• TASK PROMPT: Only the text is wanted; write out each record below exactly and exclude all pictures.

• ENTRIES PROVIDED:
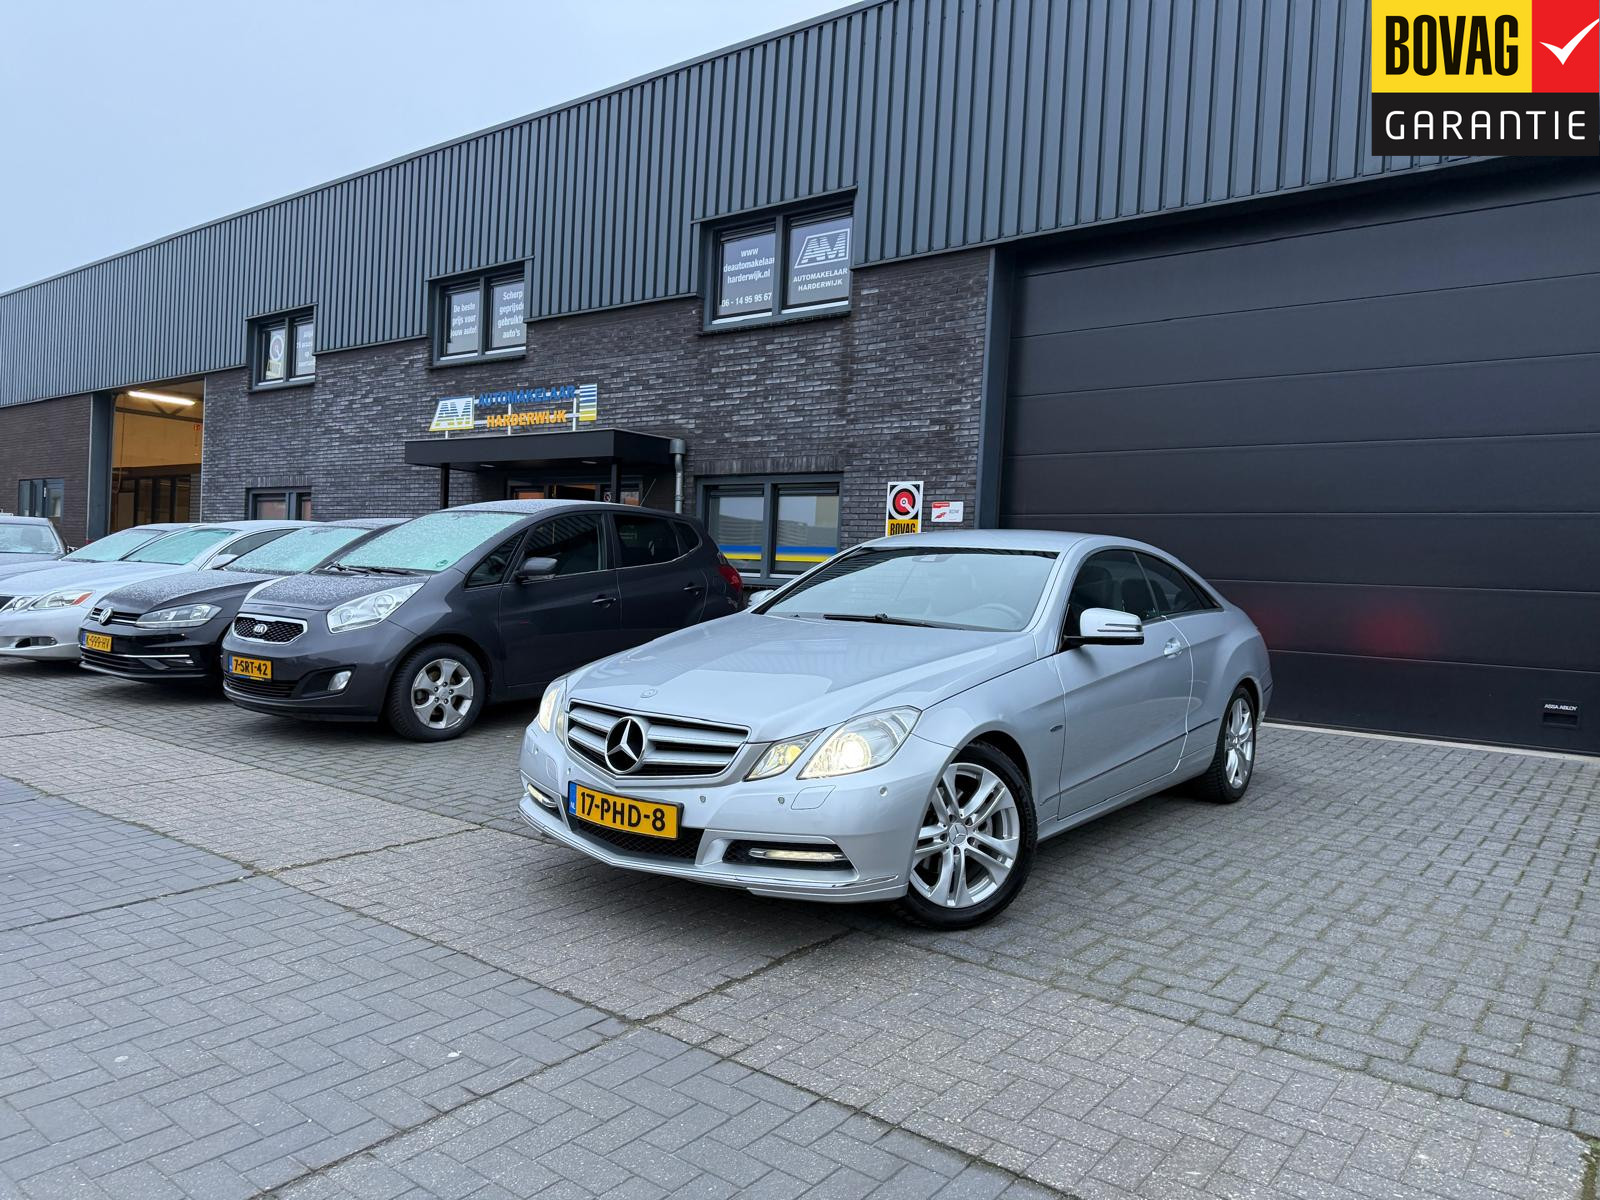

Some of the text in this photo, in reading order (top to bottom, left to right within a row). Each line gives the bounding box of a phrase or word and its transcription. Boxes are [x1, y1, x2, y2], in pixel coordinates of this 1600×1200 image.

[740, 248, 758, 258] www
[727, 268, 771, 284] harderwijk.nl
[793, 267, 848, 283] AUTOMAKELAAR
[798, 278, 843, 292] HARDERWIJK
[503, 290, 523, 301] Scherp
[721, 298, 730, 308] 06
[736, 296, 743, 305] 14
[745, 295, 753, 304] 95
[754, 293, 763, 303] 95
[763, 292, 772, 302] 67
[453, 302, 476, 313] De beste
[452, 315, 477, 327] prijs voor
[502, 329, 521, 339] auto's
[477, 385, 576, 408] AUTOMAKELAAR
[486, 409, 568, 428] HARDERWIJK
[889, 522, 916, 536] BOVAG
[233, 658, 268, 676] 7-SRT-42
[580, 791, 666, 832] 17-PHD-8
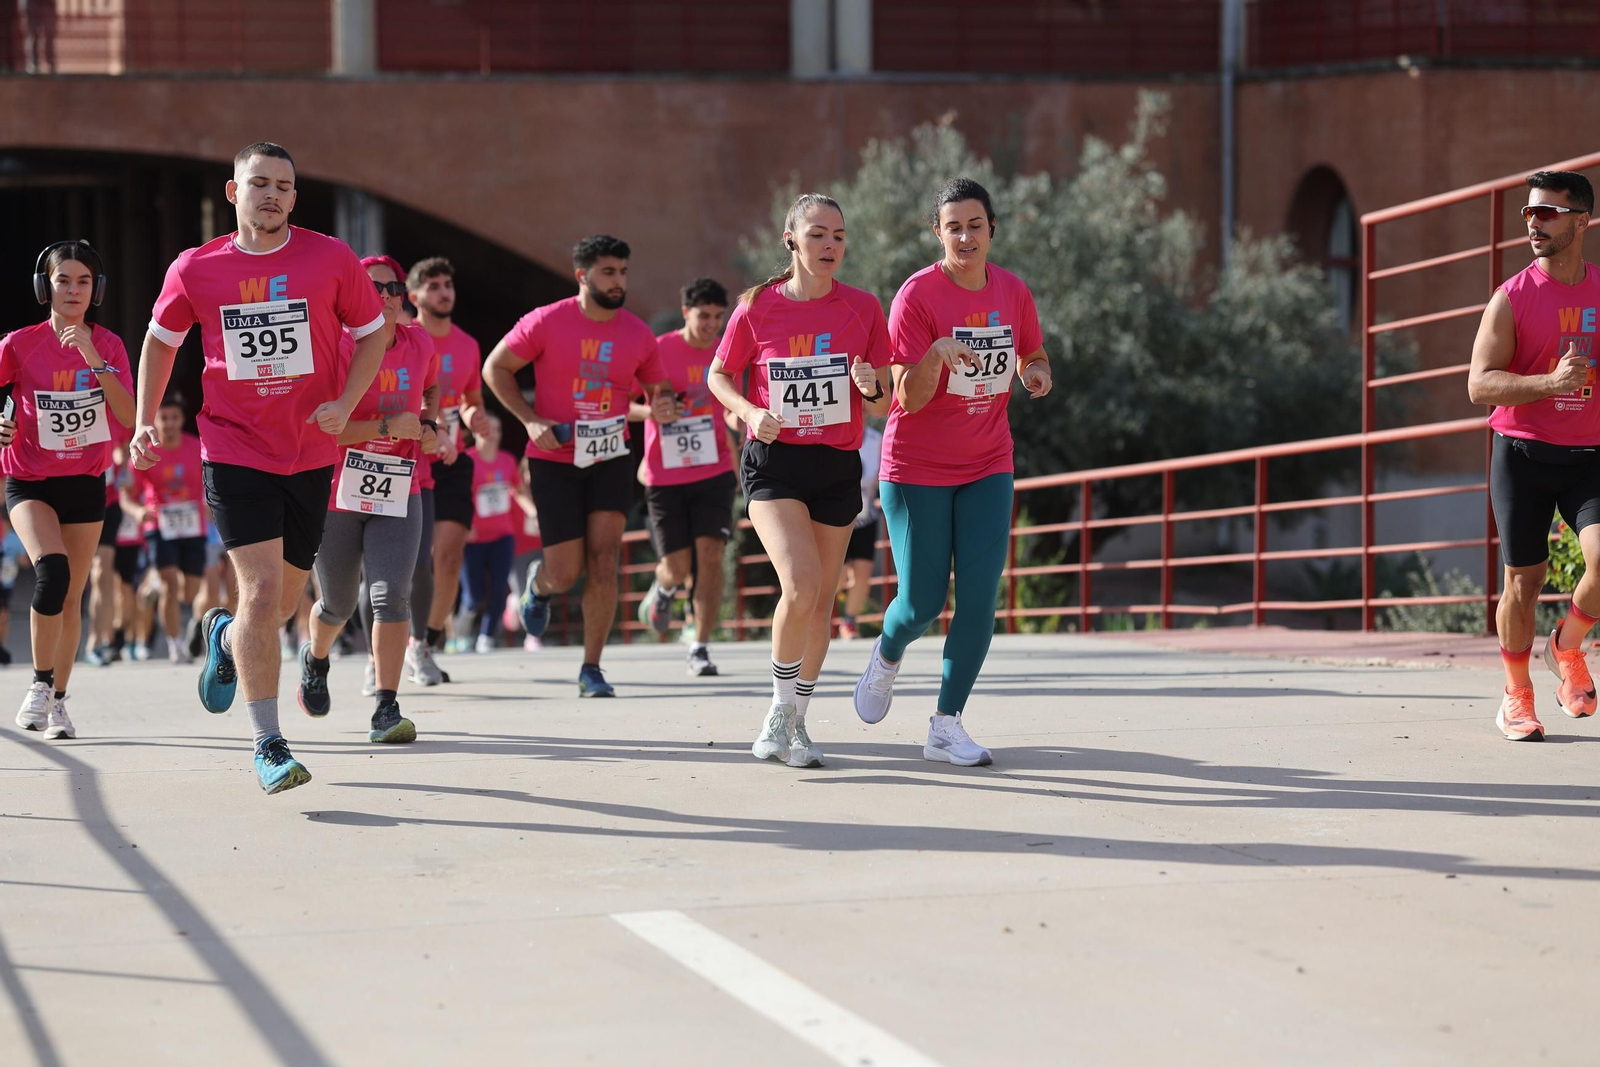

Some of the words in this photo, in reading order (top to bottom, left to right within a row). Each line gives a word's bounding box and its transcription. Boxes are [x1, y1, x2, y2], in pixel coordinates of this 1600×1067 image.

[239, 275, 287, 303] WE
[226, 316, 264, 327] UMA
[965, 311, 1000, 327] WE
[1558, 307, 1596, 332] WE
[239, 327, 298, 358] 395
[581, 339, 613, 362] WE
[789, 333, 831, 357] WE
[53, 369, 90, 392] WE
[379, 368, 410, 392] WE
[772, 370, 807, 379] UMA
[40, 401, 70, 409] UMA
[783, 381, 838, 407] 441
[50, 409, 96, 433] 399
[586, 435, 618, 456] 440
[677, 434, 701, 452] 96
[349, 458, 379, 472] UMA
[360, 474, 392, 498] 84
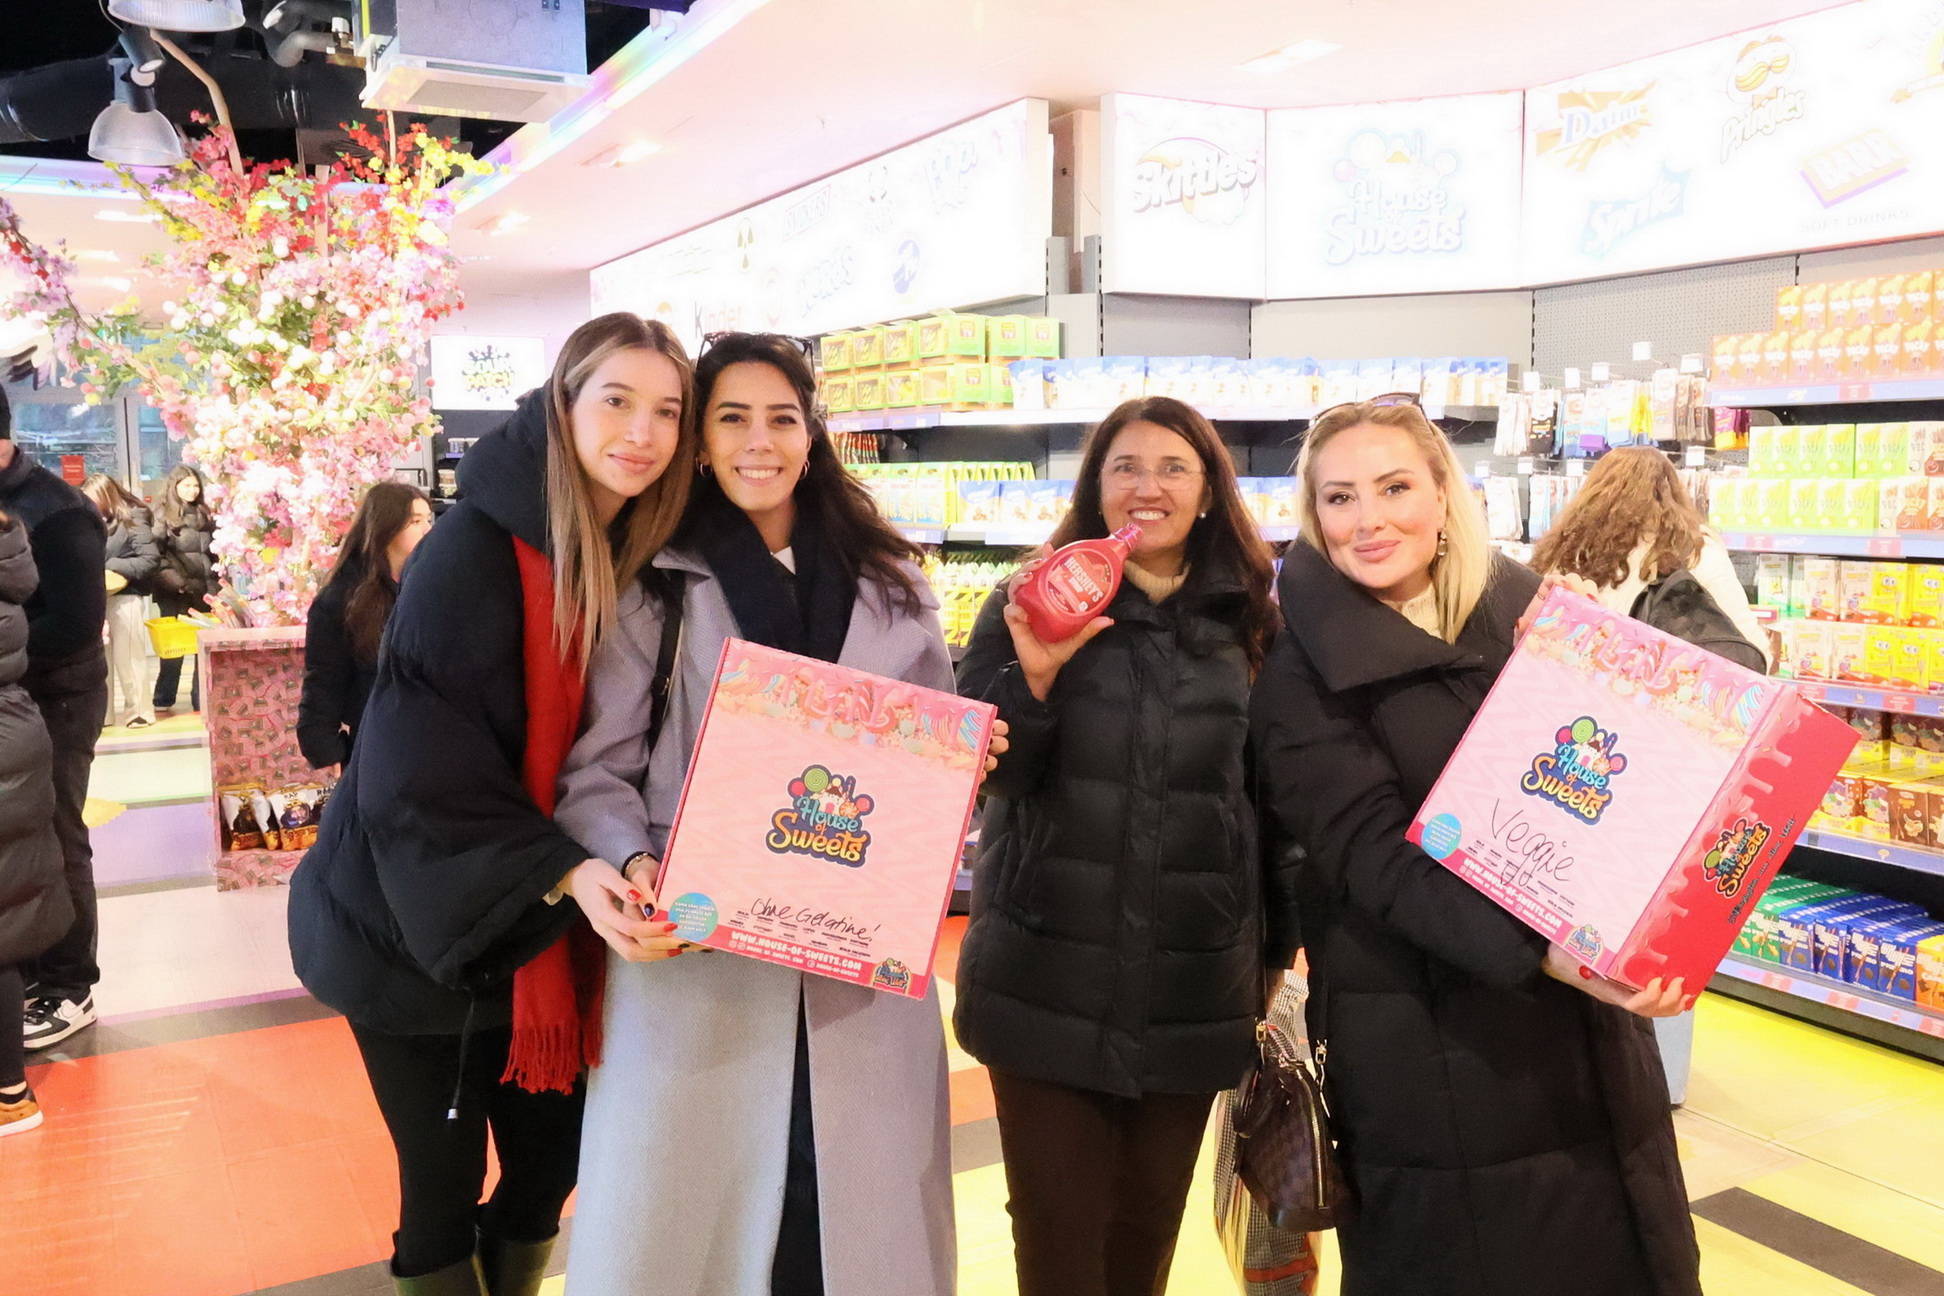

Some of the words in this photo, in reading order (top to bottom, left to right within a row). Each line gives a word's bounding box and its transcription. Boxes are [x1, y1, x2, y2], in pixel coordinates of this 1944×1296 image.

[1562, 102, 1639, 146] Daim
[1720, 87, 1806, 164] Pringles
[1132, 151, 1258, 213] Skittles
[1348, 176, 1448, 217] House
[1323, 202, 1467, 266] Sweets
[1800, 218, 1842, 233] SOFT
[1847, 209, 1911, 227] DRINKS
[1063, 555, 1104, 602] HERSHEY'S
[1523, 755, 1610, 819] Sweets
[1557, 744, 1607, 789] House
[768, 811, 868, 862] Sweets
[796, 796, 859, 832] House
[1491, 798, 1574, 887] Veggie
[1716, 829, 1753, 876] House
[1718, 823, 1768, 896] Sweets
[731, 930, 862, 971] WWW.HOUSE-OF-SWEETS.COM
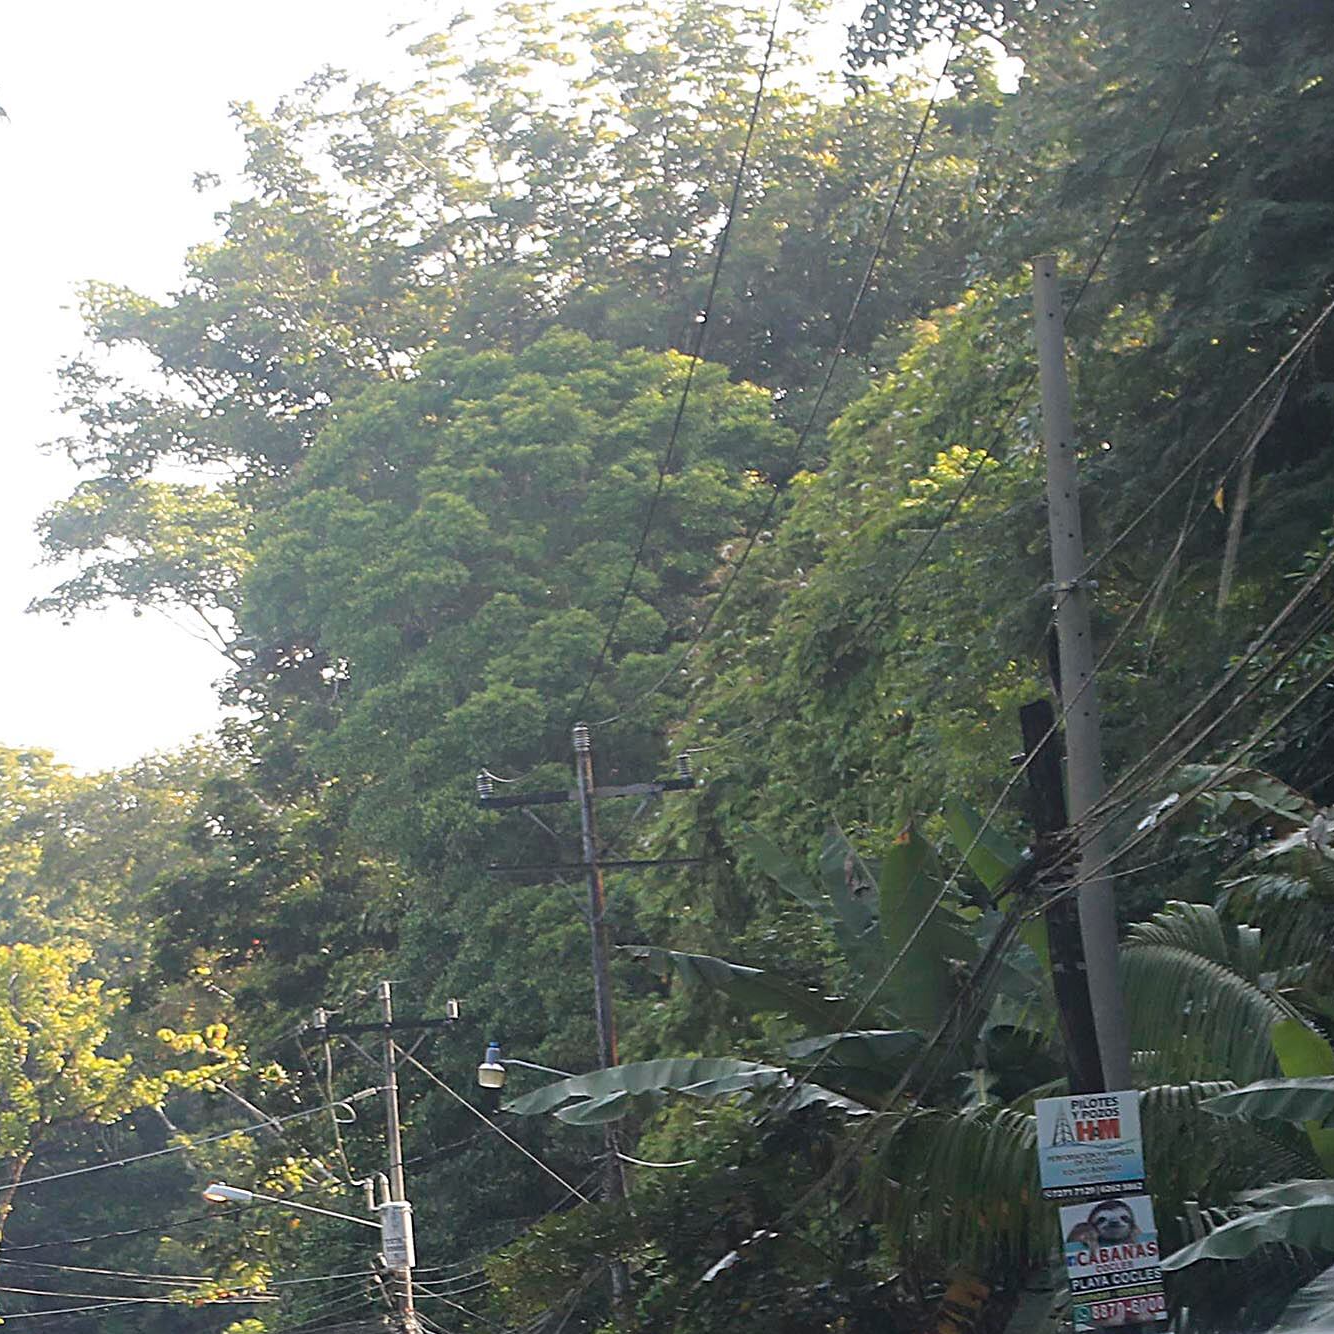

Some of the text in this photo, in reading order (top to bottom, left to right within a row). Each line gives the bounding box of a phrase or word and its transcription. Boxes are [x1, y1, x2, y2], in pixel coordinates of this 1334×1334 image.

• TASK SOLUTION:
Some of the text in this photo, in reading order (top to bottom, left to right within a row). Each line gives the bounding box of a phrase or word and its transcription. Boxes are [x1, y1, x2, y2], in pixel coordinates of this 1600×1200 image.

[740, 248, 758, 258] www
[727, 268, 771, 284] harderwijk.nl
[793, 267, 848, 283] AUTOMAKELAAR
[798, 278, 843, 292] HARDERWIJK
[503, 290, 523, 301] Scherp
[721, 298, 730, 308] 06
[736, 296, 743, 305] 14
[745, 295, 753, 304] 95
[754, 293, 763, 303] 95
[763, 292, 772, 302] 67
[453, 302, 476, 313] De beste
[452, 315, 477, 327] prijs voor
[502, 329, 521, 339] auto's
[477, 385, 576, 408] AUTOMAKELAAR
[486, 409, 568, 428] HARDERWIJK
[889, 522, 916, 536] BOVAG
[233, 658, 268, 676] 7-SRT-42
[580, 791, 666, 832] 17-PHD-8

Some of the words in this photo, in reading order (top to bottom, left to right within a row). Each line gives a word's bounding box and its transcription. Boxes are [x1, y1, x2, y2], in pixel coordinates of this 1600×1067 image.

[239, 275, 287, 303] WE
[226, 316, 264, 327] UMA
[965, 311, 1000, 327] WE
[1558, 307, 1596, 332] WE
[239, 327, 298, 358] 395
[581, 339, 613, 362] WE
[789, 333, 831, 357] WE
[53, 369, 90, 392] WE
[379, 368, 410, 392] WE
[772, 370, 807, 379] UMA
[40, 401, 70, 409] UMA
[783, 381, 838, 407] 441
[50, 409, 96, 433] 399
[586, 435, 618, 456] 440
[677, 434, 701, 452] 96
[349, 458, 379, 472] UMA
[360, 474, 392, 498] 84

Some of the words in this photo, in reading order (top to bottom, left to right within a row). Each line gives a word's bounding box and its transcription. Boxes are [x1, y1, x2, y2], in pixel coordinates of this 1944×1296 image.

[1562, 102, 1639, 146] Daim
[1720, 87, 1806, 164] Pringles
[1132, 151, 1258, 213] Skittles
[1348, 176, 1448, 217] House
[1323, 202, 1467, 266] Sweets
[1800, 218, 1842, 233] SOFT
[1847, 209, 1911, 227] DRINKS
[1063, 555, 1104, 602] HERSHEY'S
[1523, 755, 1610, 819] Sweets
[1557, 744, 1607, 789] House
[768, 811, 868, 862] Sweets
[796, 796, 859, 832] House
[1491, 798, 1574, 887] Veggie
[1716, 829, 1753, 876] House
[1718, 823, 1768, 896] Sweets
[731, 930, 862, 971] WWW.HOUSE-OF-SWEETS.COM

Some of the text in this photo, in reading order (top to bottom, left to right within a row). Each line gives the bounding box of a phrase or word and its transcription. Boxes are [x1, y1, x2, y2], in pixel coordinates of this 1334×1334 image.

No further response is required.